Wednesday, October 29, 2014

AppleScript and Yosemite

Ray Robertson:

Apple introduced a great variety of new automation features and updates in Yosemite. I’ve written up a quick summary below with links to more detailed information.

Daniel Jalkut:

Unfortunately the progress feature of AppleScript has not been exposed to 3rd party developers, so far as I can tell.

AppleScript Release Notes:

AppleScript/Objective-C is now available to all scripts, not just library scripts.

I’ve been wanting this feature for years. You no longer have to create a special AppleScriptObjC application; you can use it from any script. This will be useful both for the powerful Cocoa APIs as well as the many basic data structures and operations that were never part of AppleScript.

Here are some examples:

use framework "Foundation"

-- Calling an Objective-C class method:
get current application's NSDate's timeIntervalSinceReferenceDate()

-- Use pipes to avoid conflicts with AppleScript keywords.
get current application's NSDate's |date|'s timeIntervalSinceReferenceDate()

-- Basically, you just use “'s” in place of “.”.
set _array to current application's NSMutableArray's alloc()'s init()

-- “count” is also reserved.
get _array's |count|()

-- AppleScript changes “_array's addObject_(1)” to the interleaved syntax:
_array's addObject:1

-- AppleScript changes “_array's insertObject_atIndex_(0, 0)” to:
_array's insertObject:0 atIndex:0

set _string to _array's |description|()
set _appleScriptString to _string as Unicode text

set _data to _string's dataUsingEncoding:(current application's NSUTF8StringEncoding)
set _tildePath to current application's NSString's stringWithString:"~/Desktop/test"
set _path to _tildePath's stringByExpandingTildeInPath()
set {_ok, _error} to _data's writeToFile:_path options:0 |error|:(reference)
-- Should return “{1, missing value}”.
-- The file will contain “(0, 1)”.

Unfortunately, it looks like the technology is not yet very mature. Script Editor beach balled and had to be force-quit half a dozen times while I was writing this sample.

Update (2014-10-31): Joris Kluivers shows that developers can get at the progress of a script—via NSProgress.

Update (2014-11-29): Mark Aldritt:

What is not explained is how a host application can access this information and display a script’s progress in its own UI. Here’s how you do it.

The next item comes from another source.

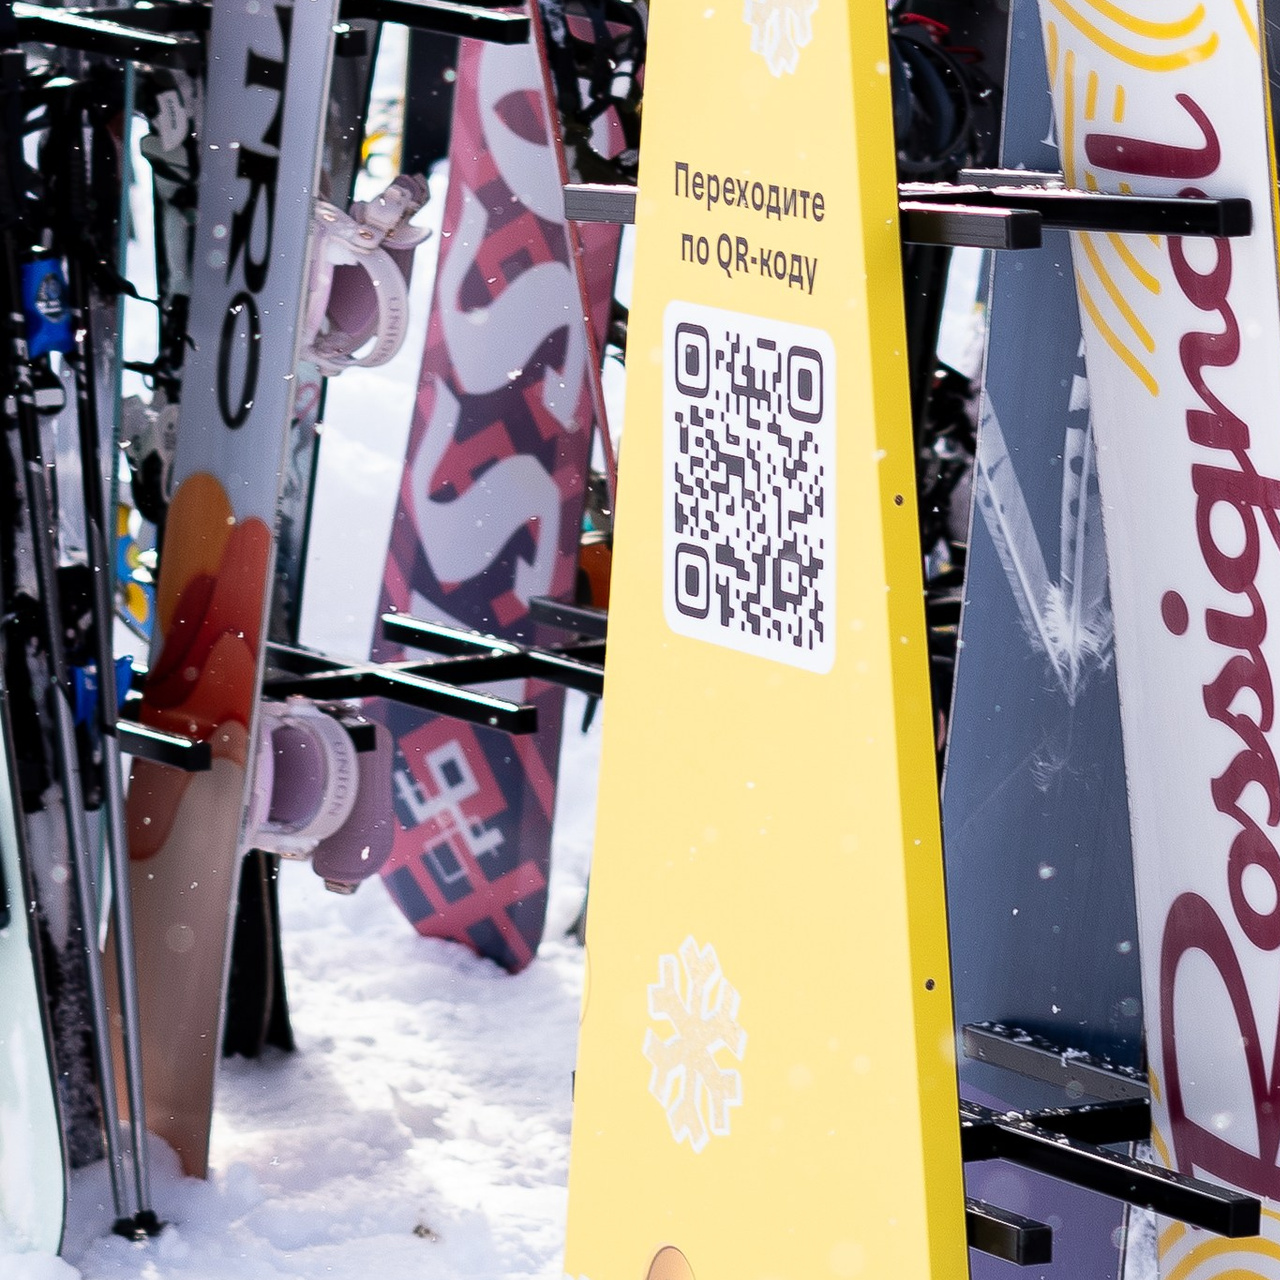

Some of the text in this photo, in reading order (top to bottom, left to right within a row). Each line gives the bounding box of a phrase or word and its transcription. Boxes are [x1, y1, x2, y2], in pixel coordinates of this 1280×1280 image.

[674, 160, 825, 223] Переходите
[681, 232, 818, 296] по QR-коду

At intervals the script will call the OSAActiveProc. Within this callback function you can make OSA calls that access the running script’s state. You start by getting a reference to the ‘AppleScript’ object. From there you can read the value of the four progress properties.

5 Comments RSS · Twitter

Getting the products to work in a reliable fashion is the real problem right now. Ideally what Apple should do is make Swift a full scripting language for these sorts of things. Right now trying to use Swift to do these sorts of things is still more of a nightmare than it has to be. Although it has gotten slightly better. But nothing compared to what Python + Appscript used to offer.

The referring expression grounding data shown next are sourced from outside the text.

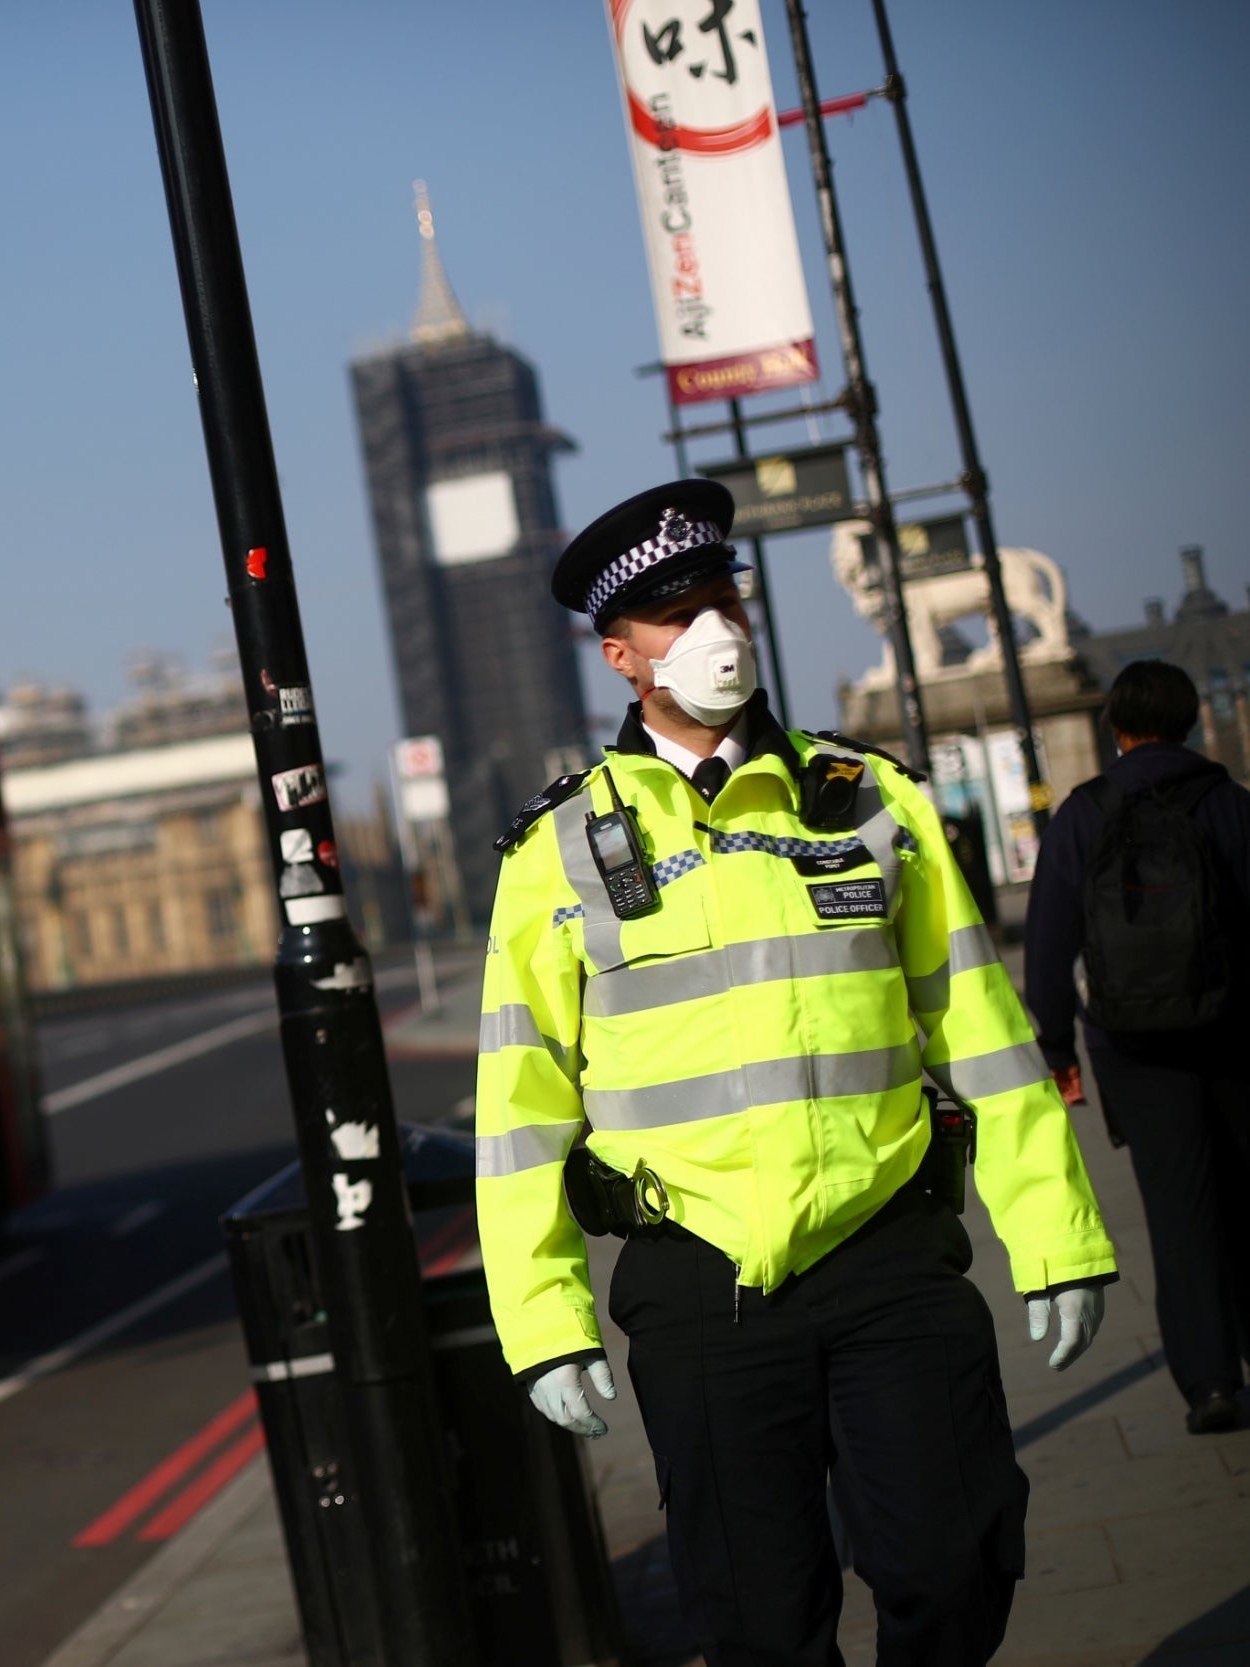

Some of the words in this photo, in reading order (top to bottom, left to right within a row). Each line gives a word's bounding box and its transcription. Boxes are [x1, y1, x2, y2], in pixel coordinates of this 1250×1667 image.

[720, 664, 735, 673] 3M
[835, 885, 876, 893] METROPOLITAN
[843, 891, 872, 899] POLICE
[819, 905, 849, 914] POLICE
[850, 904, 883, 913] OFFICER

@Clark I really don’t see how Swift can be used as a scripting language. Even with the most basic tasks, it seems like you really have to help out the type inferencer. Then add Scripting Bridge to the fun…

I just want the bridge to work well from AppleScript. Looking at samples in Activity Monitor, it looks like the problem I ran into isn’t even due to AppleScript—rather, some sort of Extensions issue.

@Clark: what Michael says. For scripting, where you're often throwing together some quick-n-dirty code to run once or twice then throw away, you really want a simpler, tighter language with soft typing and a degree of exception handling. (What I'd really like is a scripting language that ditches all the bureaucratic syntactic and semantic baggage that's accreted from the Algol/C world, and returns to the laser-sharp parsimony of Logo/Smalltalk.)

@Michael: 10.10's elimination of the painful limitations on AS-ObjC integration is belated but welcome. One thing I've found is that using ASOC from Python via PyObjC is surprisingly easy. Stick one or more .scpt files containing ASOC classes into a folder, e.g.:

use framework "Foundation"
use scripting additions

script ASOCTest
   property parent : class "NSObject"
   --
   on test()
      activate
      display dialog "Hello from AppleScript!"
   end test
end script

then just use it from Python like this:

from Foundation import NSBundle, NSClassFromString
import AppleScriptObjC

NSBundle.alloc().initWithPath_(FOLDERPATH).loadAppleScriptObjectiveCScripts()

ASOCTest = NSClassFromString(u"ASOCTest") # get the ASOC class...
ASOCTest.alloc().init().test() # ...then instantiate and call it

Not as clean as a native bridge, natch, but it's all 100% currently supported APIs with no 3rd-party dependencies and lets you use AppleScript for what it's good at (application scripting) and Python for everything else.

(Apologies for glitchy formatting; not sure what the correct tags should be.)

@has Thanks for the PyObjC example. I changed the tags to <pre>.